Zhengquan Zhang wrote:
Dear debian community, I will build up a backup server which has 2x1T + 1x250G drives. the size of the one full backup will be about 400G. My initial plan was to install debian lenny on the 250G drive. leave 2x1T drive untouched and then make software raid1 on them after theinstallation.
sounds good
I have a few questions that I have not figured out the answer aftergoogling.1. Is it advised to install the system on the 250G drive as well as the 2x1T drive? Installing the system on 3 drives will enable the machine to boot if the 250G drive fails. But in that case, will the machine boot correctly using system installed on the 1T drive? and How can I directly install the OS on 3 drives simultaneously?

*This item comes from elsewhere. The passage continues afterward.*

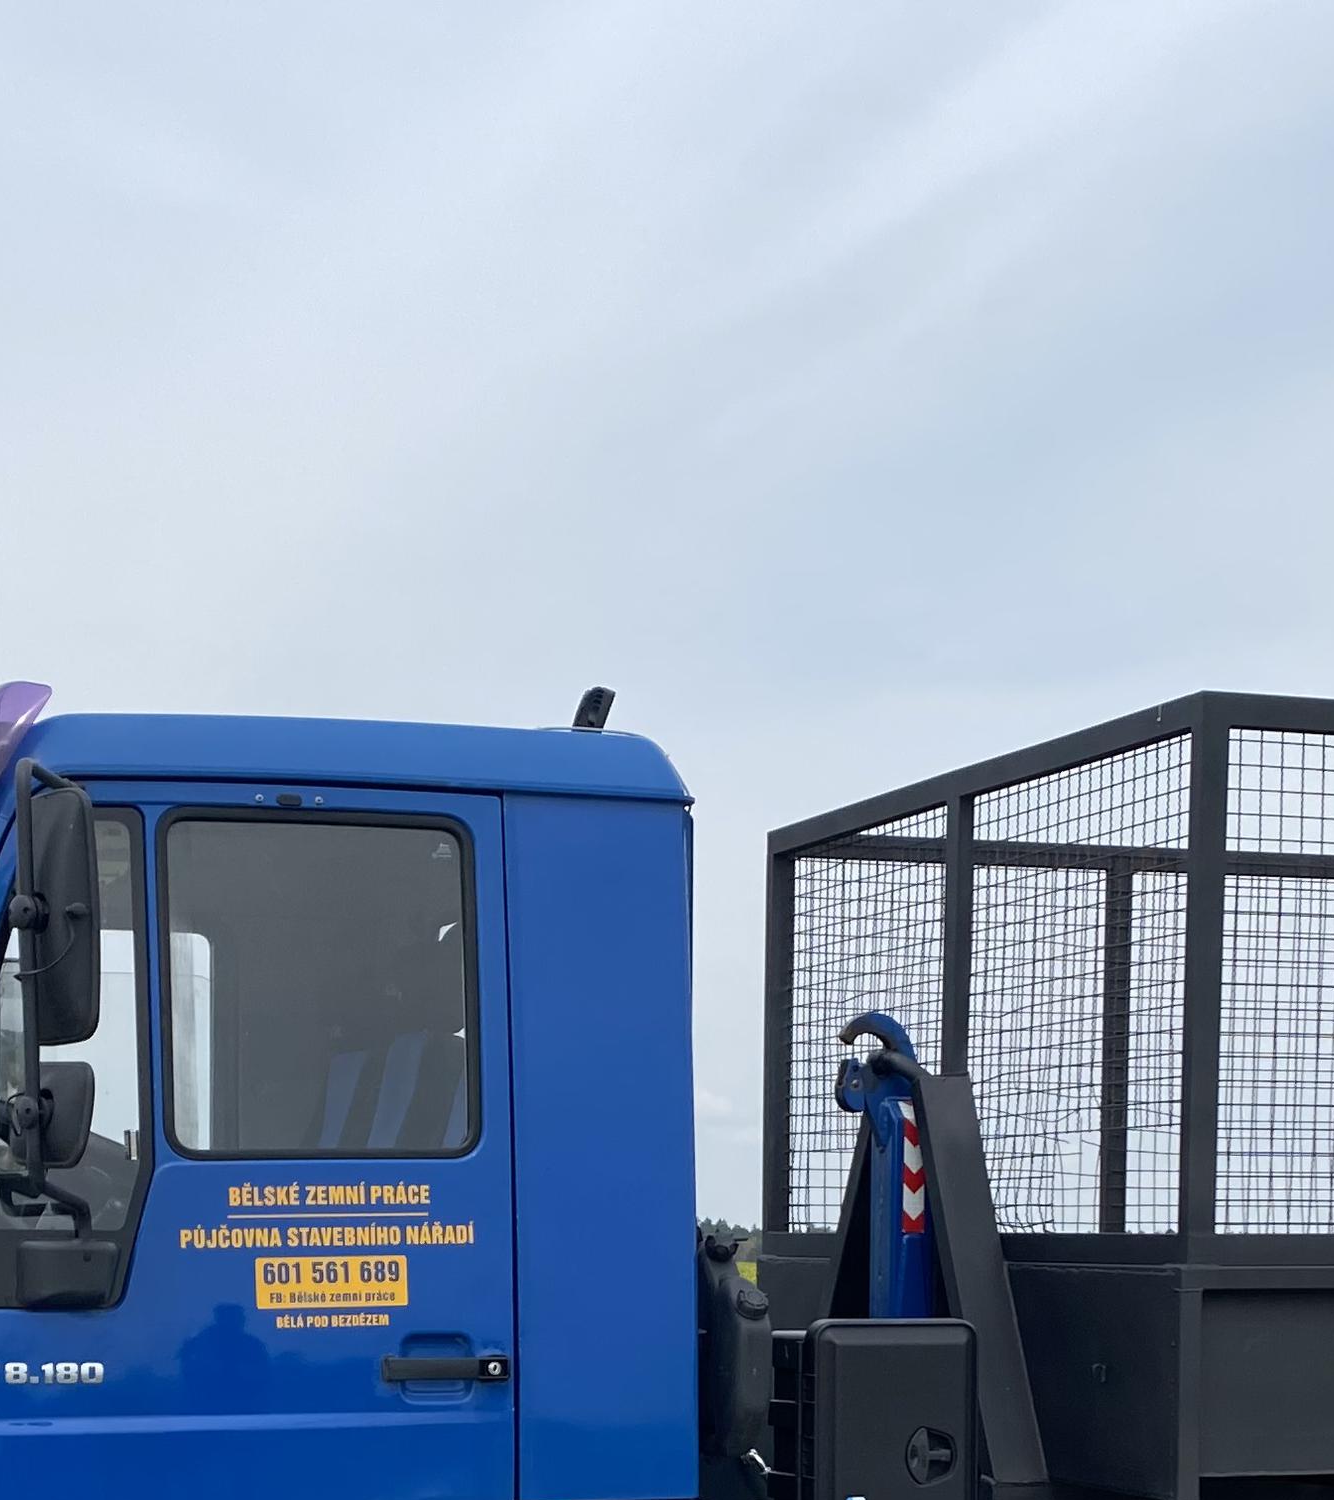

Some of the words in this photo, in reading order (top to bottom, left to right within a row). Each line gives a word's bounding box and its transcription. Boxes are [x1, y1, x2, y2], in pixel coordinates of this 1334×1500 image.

you could use raid 1 with the 3 drives for the / system partition of +- 5GB and create a raid 1 /backup partition on the remaining space of the 2 TB disks.
although you then might as well not use the 250GB disk at all since it only adds some complexity and most space on it is wasted anyway, if you make it a system disk only, and the 250GB would fail you could always still reach the data on the disks by mounting them in another machine or using a live-cd or something.
it would be my idea to forget about the 250GB and just use the 2x 1TB in a raid 1 setup
2. I have used lvm on other systems but not on raid. I wonder if it is advisable to use lvm over raid on a backup server. The rationale of LVM is to make resizing easier but in this situation is it advisded to use LVM on the raid1 array and the 250G boot drive?
LVM itself works fine on top of RAID, no worries. just make sure your raid setup is sound. personally i always prefer to have just a small root partition and single large partition for the data if possible and forget about adding the extra layer.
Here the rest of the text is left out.